An Improbable Story of Celebrity Stardom

“The first piece of good news was that I wasn’t going to die,” said the bull rider, on his back in the hospital bed, immobilized in the way you’re kept still to prevent a move that will kill you. “Then I found out that one day, I’d be back on my feet. The minute the doctor said I’d walk again, I wanted to jump right out of this bed and dance.”
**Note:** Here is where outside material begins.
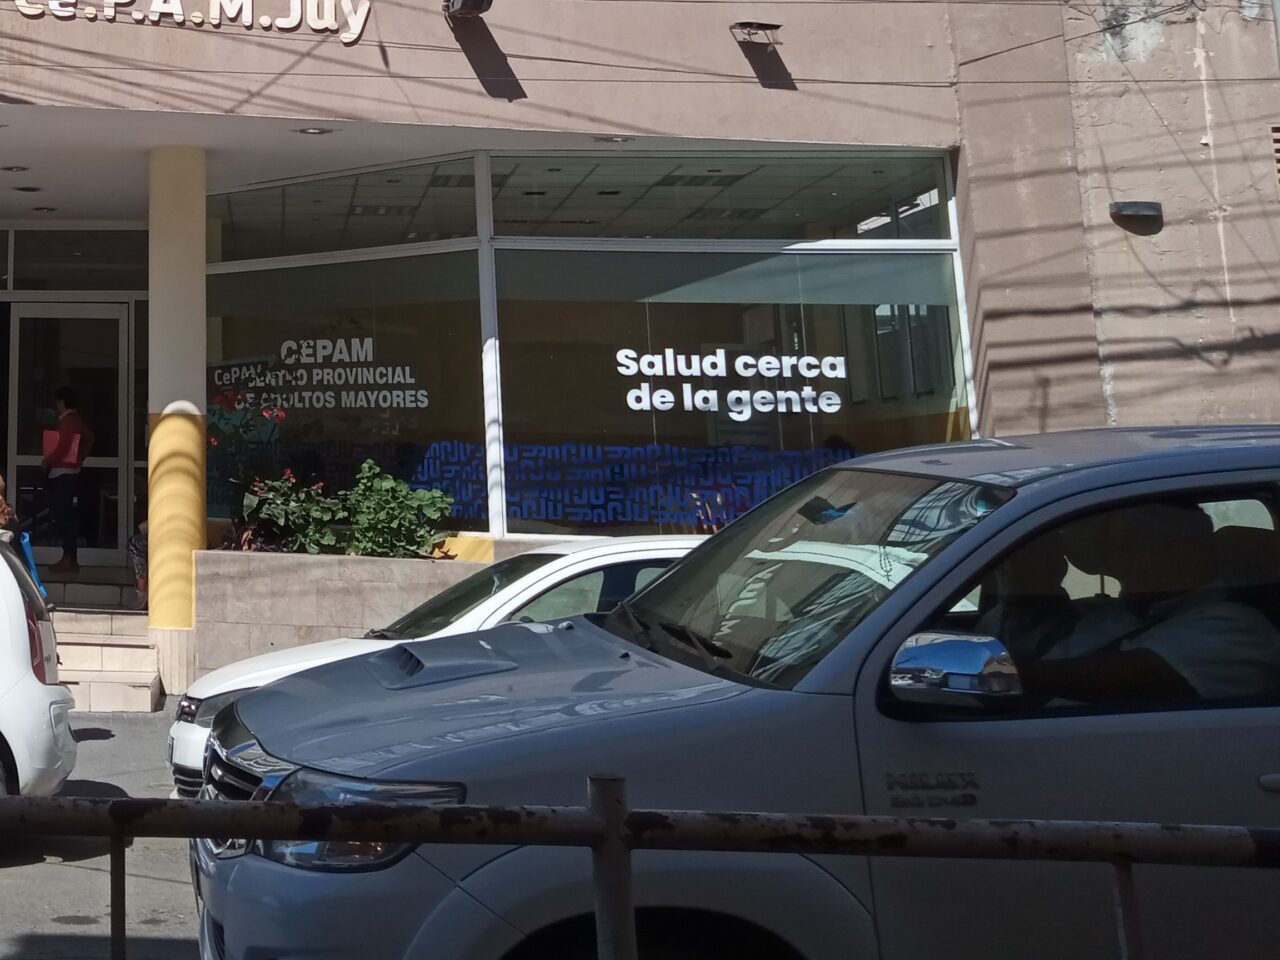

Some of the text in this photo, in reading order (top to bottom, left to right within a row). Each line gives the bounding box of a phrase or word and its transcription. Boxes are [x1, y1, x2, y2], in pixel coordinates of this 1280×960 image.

In 2016, Bonner Bolton was an up-and-coming bull rider with a great future. He had won a title in CBR (Championship Bull Riding) in 2007 at the age of 20 then moved to where the big boys get on the rankest bulls – the PBR. After finishing fourth at the 2015 PBR World Finals, he came into the following season on fire, leading the season opener in Chicago. On Championship Sunday, the 28-year-old never felt better, physically and mentally. He always had the swagger. Now he was earning the right to display it. He would be first to ride in the second round at All State Arena, the position bull riders call “The Gunner.”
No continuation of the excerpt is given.